ML in Python Part 3 - Advanced Regression with Scikit-learn
In this third part of our series, we’ll explore more sophisticated machine learning techniques using Scikit-learn. While Parts 1 and 2 focused on classification, we’ll now tackle regression problems and learn how to build complex preprocessing pipelines. We’ll use the California Housing dataset to demonstrate these concepts.
Note: The purpose of this post is to highlight the flexibility and capabilities of scikit-learn’s advanced features. Therefore, this tutorial focuses on introducing you to those advanced routines rather than creating the optimal regression model.
Why Advanced Preprocessing?
Real-world data rarely comes in a clean, ready-to-use format. Data scientists often spend more time preparing data than training models. Common challenges include:
- Missing values that need imputation
- Categorical features requiring encoding
- Features with different scales
- Redundant or irrelevant features
- Non-linear relationships between variables
Scikit-learn provides powerful tools to handle these challenges systematically. Let’s see how to combine them effectively into a preprocessing pipeline that can handle all these issues automatically.
As always, first, let’s import the scientific Python packages we need.
# Standard scientific Python imports
import numpy as np
import matplotlib.pyplot as plt
1. Load Dataset
The California Housing dataset contains information about houses in California districts. It’s a perfect dataset for demonstrating advanced preprocessing because it includes:
- Both numerical and categorical features
- Missing values that need handling
- Features on different scales
- Complex relationships between variables
The dataset itself contains information about the houses, including features like total area, lot shape, neighborhood information, overall quality, year built, etc. And the target feature that we would like to predict is the SalePrice
.
Let’s load the data and take a look:
# Load dataset
from sklearn import datasets
housing = datasets.fetch_openml(name='house_prices')
# Extract feature matrix X and target vector y
X = housing['data'].drop(columns='Id')
y = housing['target']
print(f"Dimension of X: {X.shape}\nDimension of y: {y.shape}")
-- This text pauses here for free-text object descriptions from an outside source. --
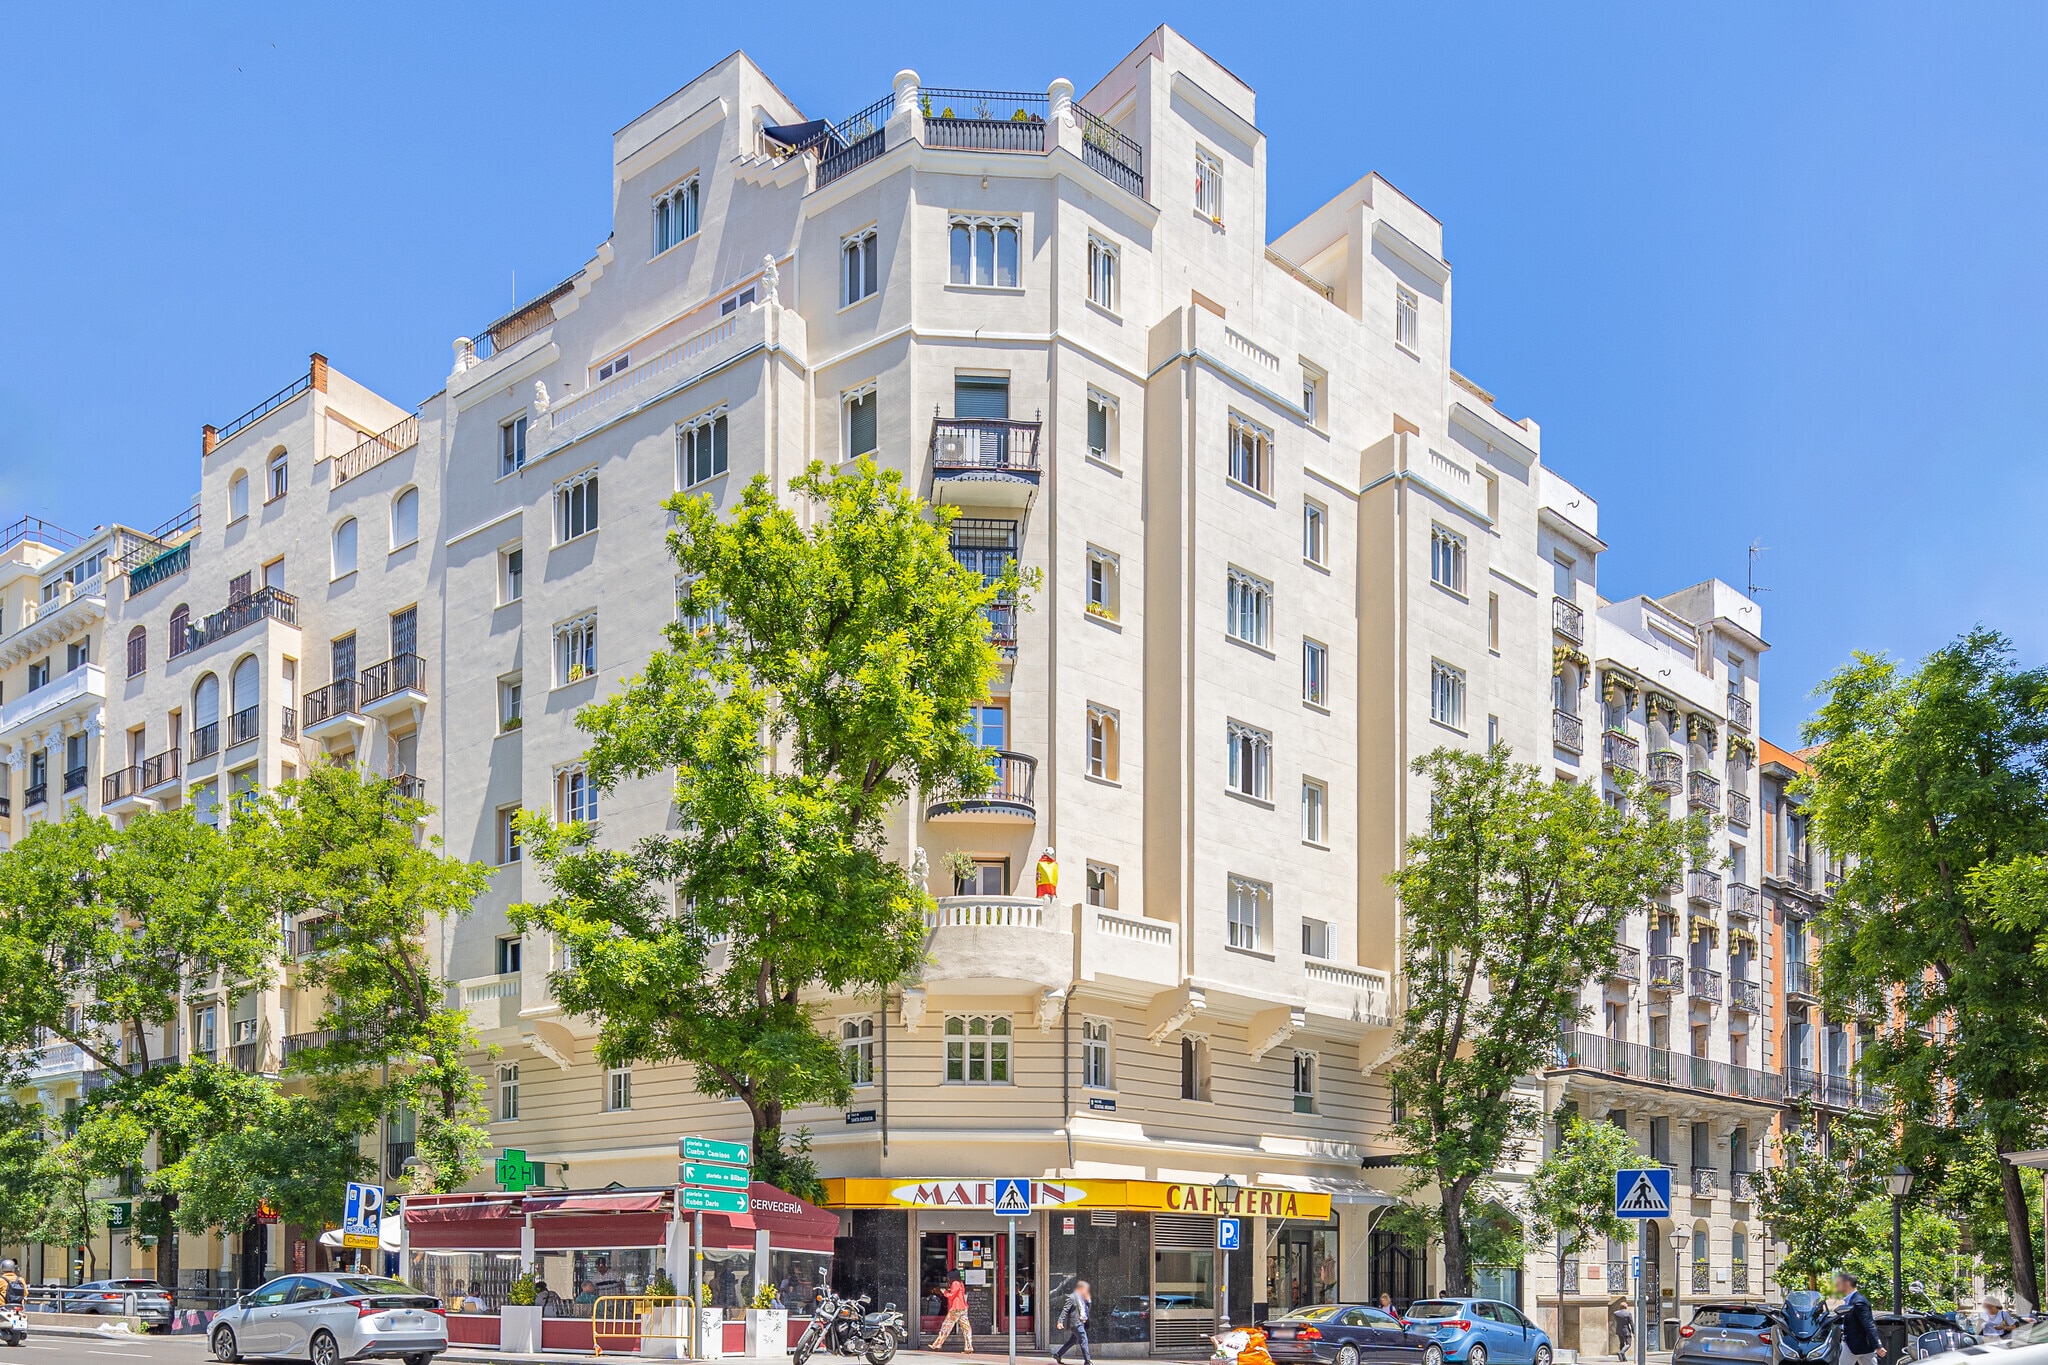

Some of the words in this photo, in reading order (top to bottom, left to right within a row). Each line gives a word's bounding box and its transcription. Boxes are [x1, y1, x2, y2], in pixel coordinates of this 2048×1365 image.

[686, 1147, 705, 1156] Cuatro
[707, 1149, 730, 1159] Caminos
[500, 1164, 516, 1180] 12
[521, 1166, 532, 1181] H
[730, 1174, 747, 1182] Bilbao
[912, 1182, 1065, 1206] MARIN
[750, 1198, 803, 1215] CERVECERÍA
[1222, 1222, 1235, 1245] P
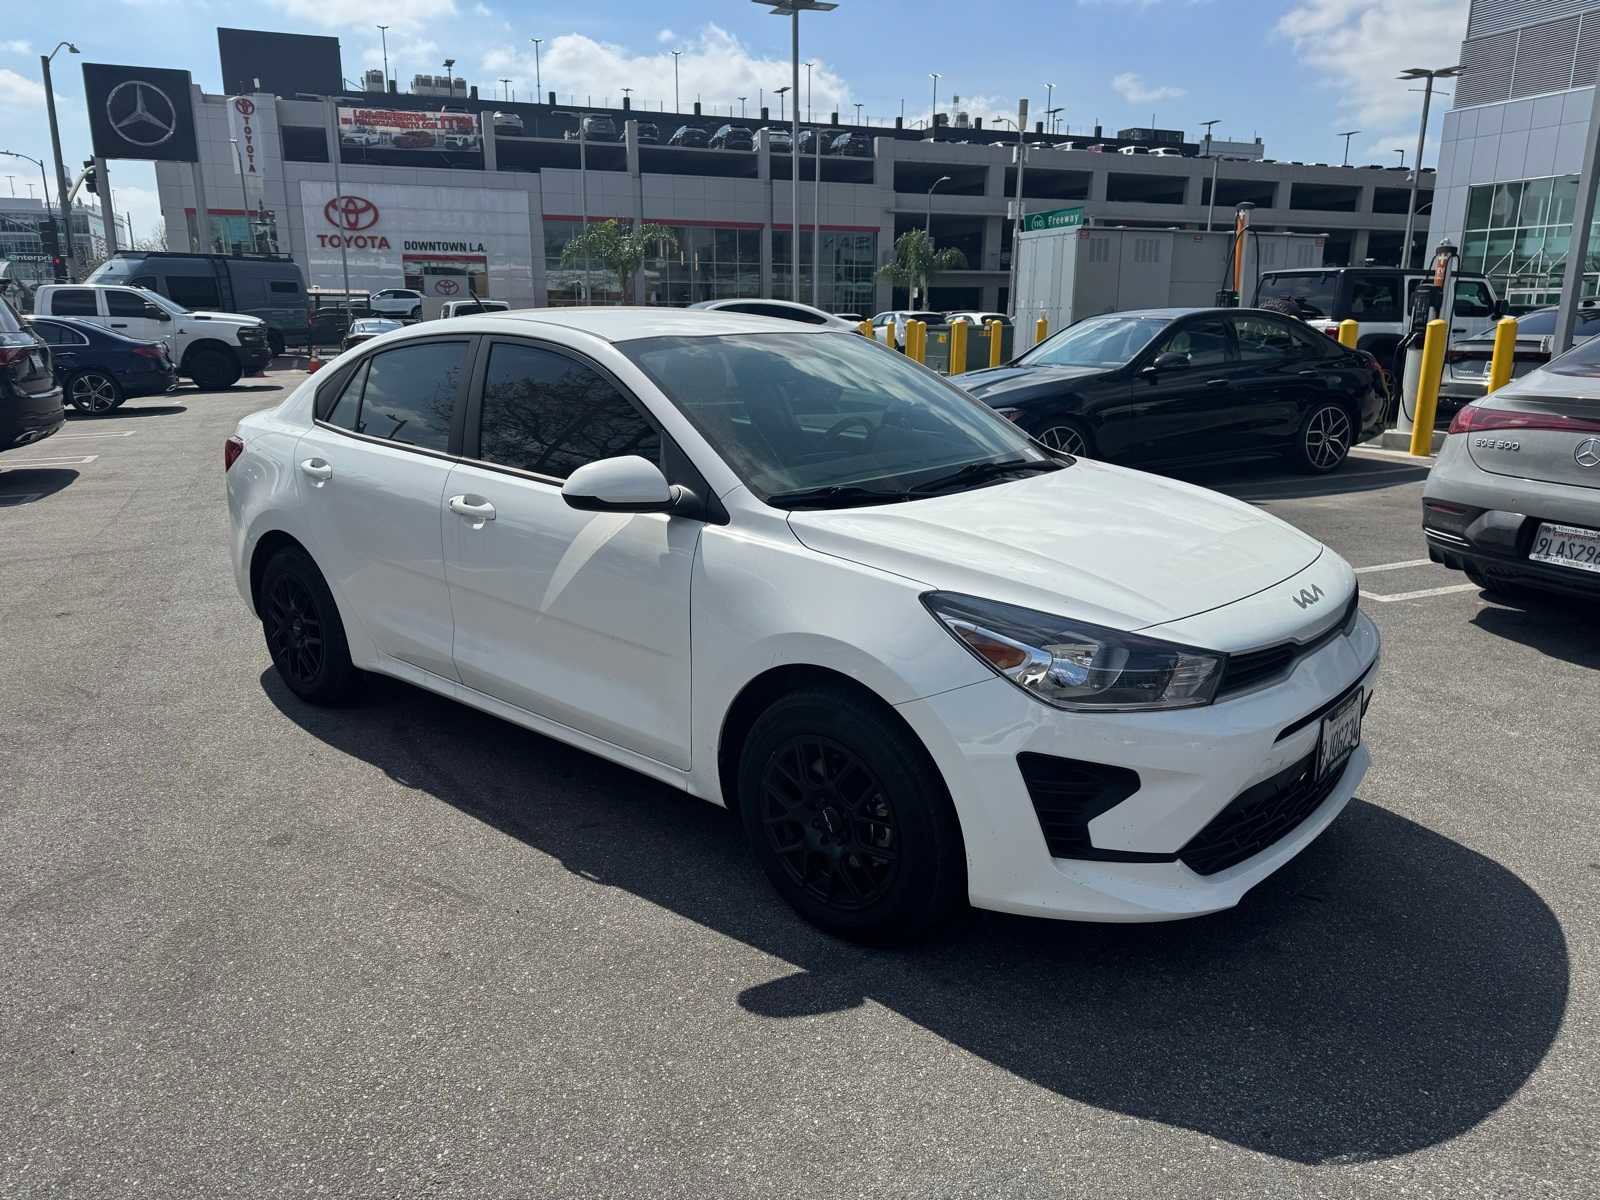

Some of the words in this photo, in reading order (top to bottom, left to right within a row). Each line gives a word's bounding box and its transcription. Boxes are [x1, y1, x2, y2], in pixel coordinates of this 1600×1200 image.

[243, 116, 256, 173] TOYOTA
[1048, 215, 1079, 225] Freeway
[316, 234, 391, 249] TOYOTA
[404, 240, 467, 251] DOWNTOWN
[469, 243, 487, 252] L.A.
[9, 254, 52, 262] enterpri
[1496, 440, 1519, 451] 500
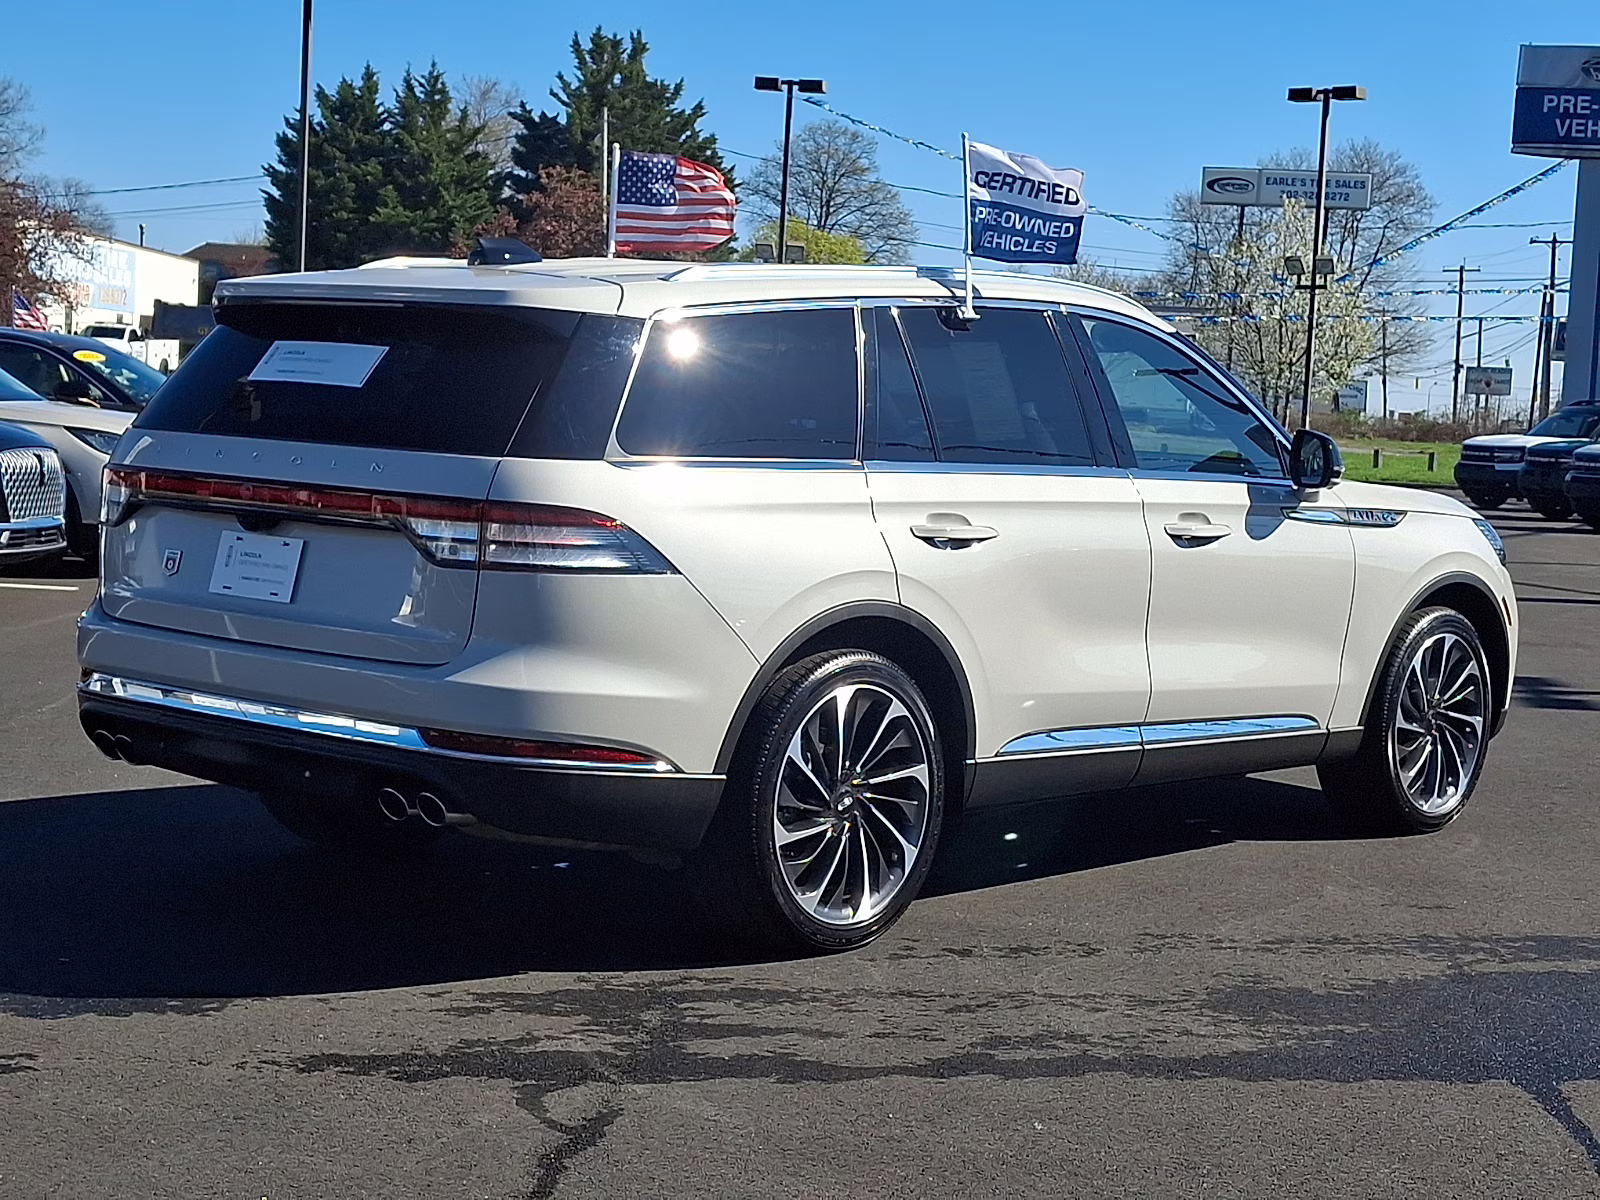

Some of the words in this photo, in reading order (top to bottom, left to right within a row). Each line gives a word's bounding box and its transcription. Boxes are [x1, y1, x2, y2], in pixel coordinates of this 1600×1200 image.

[1555, 119, 1600, 138] VEH
[974, 170, 1081, 206] CERTIFIED
[1265, 176, 1307, 187] EARLE'S
[1310, 178, 1331, 188] TE
[1334, 179, 1366, 190] SALES
[974, 206, 1074, 238] PRE-OWNED
[980, 230, 1058, 255] VEHICLES
Dimension of X: (1460, 79)
Dimension of y: (1460,)
As you can see, we have 1460 samples (houses), each containing 79 features (i.e. characteristics). Let’s examine the first few entries to better understand our data:
# Show first few entries and columns of the dataset
X.iloc[:5, :5]
MSSubClass | MSZoning | LotFrontage | LotArea | Street | |
---|---|---|---|---|---|
0 | 60.0 | RL | 65.0 | 8450.0 | Pave |
1 | 20.0 | RL | 80.0 | 9600.0 | Pave |
2 | 60.0 | RL | 68.0 | 11250.0 | Pave |
3 | 70.0 | RL | 60.0 | 9550.0 | Pave |
4 | 60.0 | RL | 84.0 | 14260.0 | Pave |
If we look closer at the feature matrix X, we can see that of those 79 features, 36 are of type float and 43
are of type ‘object’ (i.e. categorical features), and that some entries are missing. Plus, the target feature
SalePrice
has a right skewed value distribution.
Therefore, if possible, our pipeline should be able to handle all of this peculiarities. Even better, let’s try to setup a pipeline that helps us to find the optimal way how to preprocess this dataset.
2. Feature Analysis
Before building our pipeline, let’s understand what we’re working with:
# Quick overview of feature types
print("Feature types:")
print(X.dtypes.value_counts())
# Check for missing values
missing_values = X.isnull().sum()
print("\nFeatures with missing values:")
print(missing_values[missing_values > 0].sort_values(ascending=False))
Feature types:
object 43
int64 33
float64 3
Name: count, dtype: int64
Features with missing values:
PoolQC 1453
MiscFeature 1406
Alley 1369
Fence 1179
FireplaceQu 690
LotFrontage 259
GarageType 81
GarageYrBlt 81
GarageFinish 81
GarageQual 81
GarageCond 81
BsmtExposure 38
BsmtFinType2 38
BsmtFinType1 37
BsmtCond 37
BsmtQual 37
MasVnrArea 8
MasVnrType 8
Electrical 1
dtype: int64
And visualizing the target variable distribution:
# Analyze target variable distribution
import matplotlib.pyplot as plt
import seaborn as sns
plt.figure(figsize=(8, 4))
sns.histplot(y, bins=50)
plt.title("Distribution of House Prices")
plt.xlabel("Price")
plt.show()
This analysis reveals several important preprocessing needs:
- We have both numerical (float) and categorical (object) features
- Several features have missing values
- Our target variable (house prices) shows right skew
- Features are on very different scales (e.g., year vs. price)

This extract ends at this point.